- Records for the task
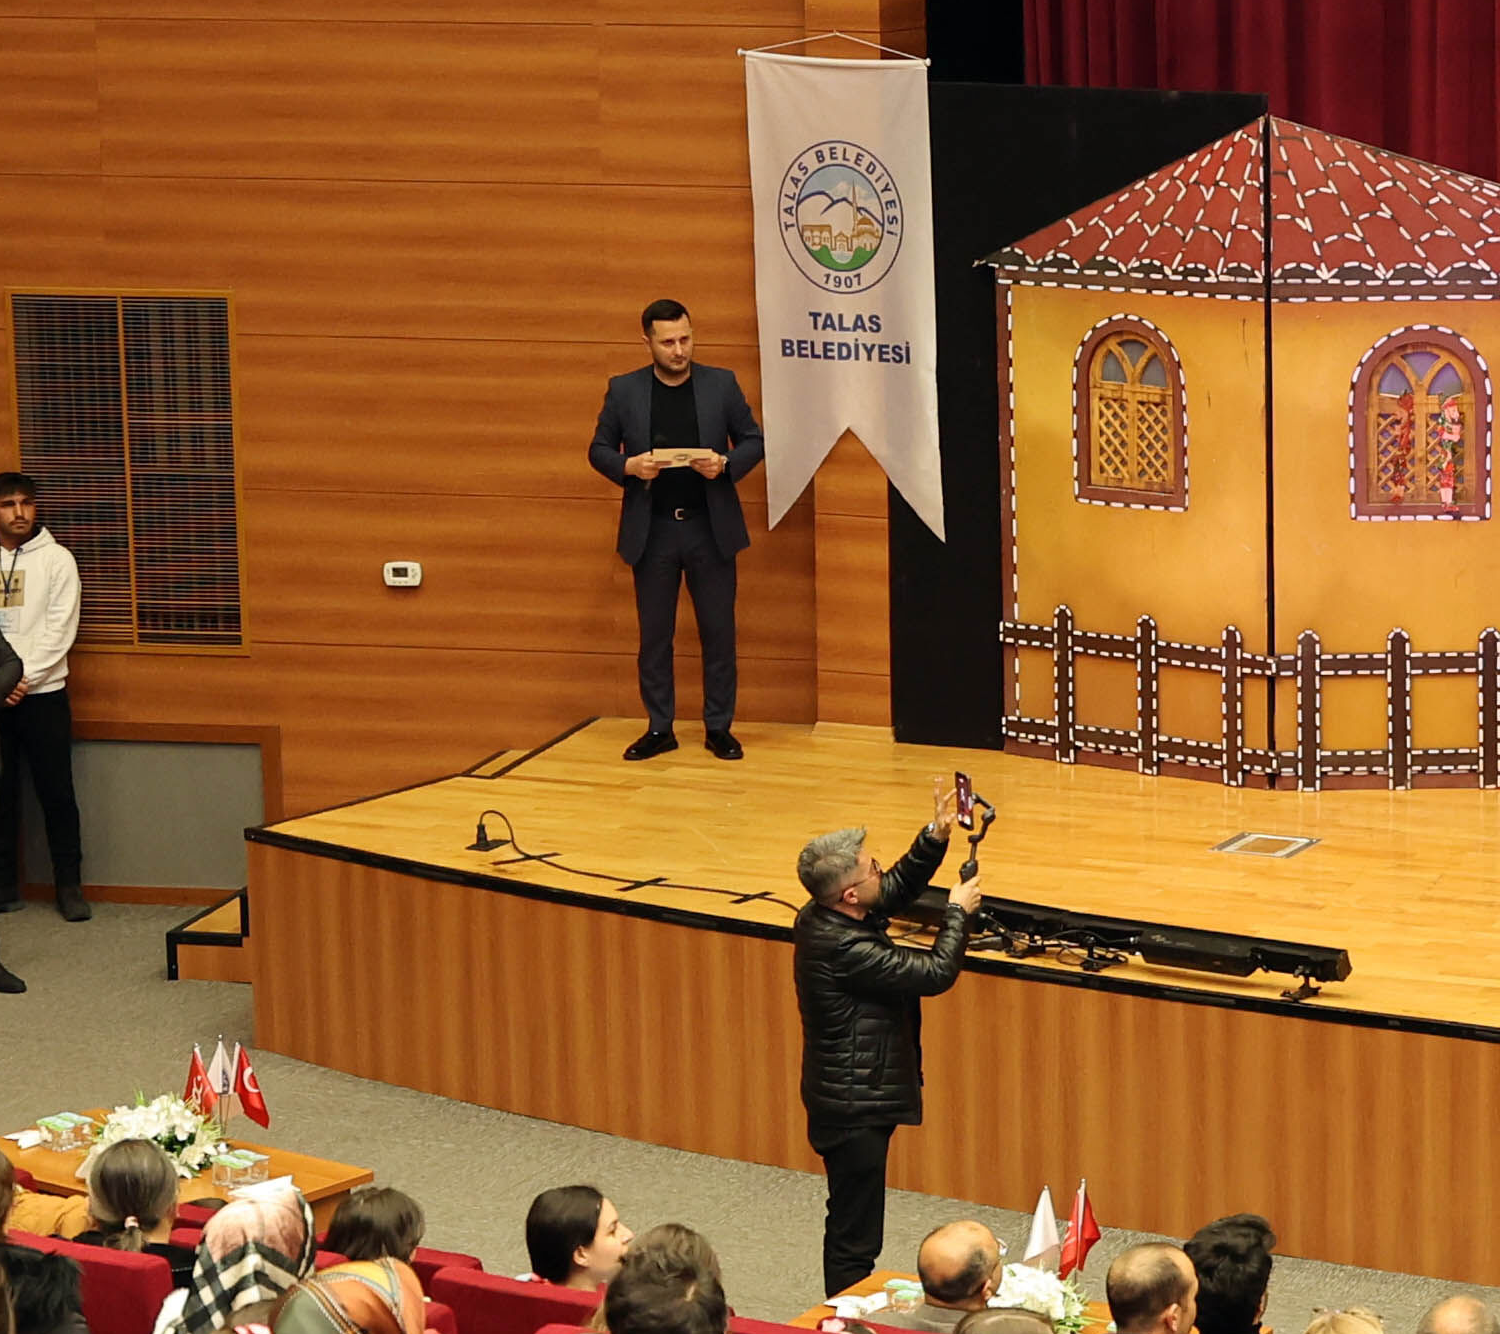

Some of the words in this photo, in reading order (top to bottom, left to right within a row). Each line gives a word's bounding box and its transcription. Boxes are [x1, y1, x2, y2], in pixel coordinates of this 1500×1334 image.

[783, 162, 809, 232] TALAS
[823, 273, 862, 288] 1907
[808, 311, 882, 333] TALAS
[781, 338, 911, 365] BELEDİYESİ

- Exercise goal
Put each line of the listing above into the copy exactly, dropping the pictures.

- Solution for this task
Some of the words in this photo, in reading order (top to bottom, left to right within a row). Each line gives a word's bounding box and its transcription. Boxes are [x1, y1, x2, y2], in pixel coordinates of this 1500×1334 image.

[783, 162, 809, 232] TALAS
[823, 273, 862, 288] 1907
[808, 311, 882, 333] TALAS
[781, 338, 911, 365] BELEDİYESİ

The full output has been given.